Photo by: Kheng Guan Toh
Economic conditions can be considered the economic characteristics that describe the state of an economy. Often, people comment that the economy is in terrible shape, that the economy is doing well, or that the economy is inherently sound. All such statements are based on certain characteristics of the economy that the issuer of the statement has in mind.
There are a large number of variables or characteristics used to gauge the health of an economy, with four of them usually referred to as the key macroeconomic variables: aggregate output or income, the unemployment rate, the inflation rate, and the interest rate. There are, however, numerous additional measures or variables that are collected and used to understand the behavior of an economy.
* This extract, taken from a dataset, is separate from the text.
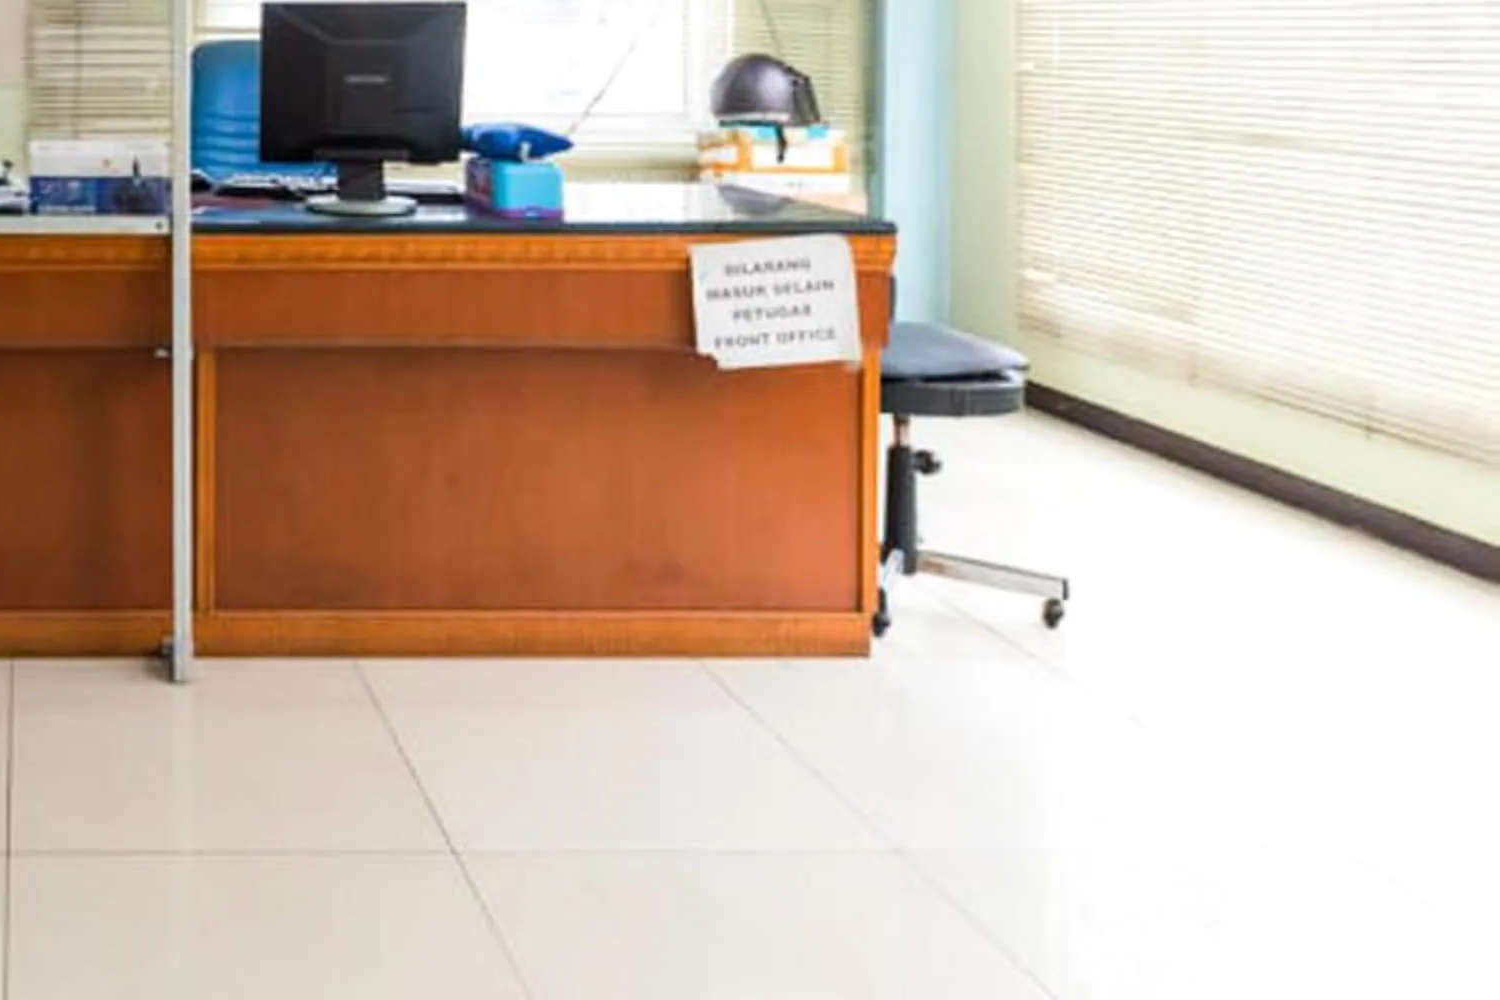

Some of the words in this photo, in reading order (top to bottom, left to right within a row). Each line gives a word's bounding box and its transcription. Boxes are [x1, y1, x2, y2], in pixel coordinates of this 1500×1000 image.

In the United States, for example, additional measures include: the index of leading economic indicators (which gives an idea where the economy is headed in the near future); retail sales (which indicate the strength of consumer demand in the economy); factory orders, especially for big ticket items (which indicate the future growth in output, since the orders will have to be filled); housing starts (robust increase in housing starts are usually taken as a sign of good growth in the future); the consumer confidence index (which indicates how likely consumers are to make favorable decisions to buy both durable and nondurable goods, services, and homes). Other variables tracked are more innocuous than the ones included in the preceding list, such as: aluminum production, steel production, paper and paperboard production, industrial production, hourly earnings, weekly earnings, factory shipments, orders for durable goods, new factory orders, new-home sales, existing-home sales, business inventories, initial jobless claims, help-wanted advertising, purchasing manager's survey, and the foreign trade deficit.
An economy's overall economic activity is summarized by a measure of aggregate output. Since the production or output of goods and services generates income, any aggregate output measure is closely associated with an aggregate income measure. The United States uses an aggregate output concept known as the gross domestic product (GDP). The GDP is a measure of all currently produced goods and services valued at market prices. One should notice several features of the GDP measure. First, only currently produced goods (produced during the relevant year) are included. This means that if you buy a 150-year old classic Tudor house, it does not count towards the GDP, but the service rendered by your real estate agent in the process of buying the house does. Secondly, only final goods and services are counted. In order to avoid double counting, intermediate goods used in the production of other goods and services do not enter the GDP. For example, steel used in the production of automobiles is not valued separately. Finally, all goods and services included in the GDP are evaluated at market prices. Thus, these prices reflect the prices consumers pay at the retail level, including indirect taxes such as local sales taxes.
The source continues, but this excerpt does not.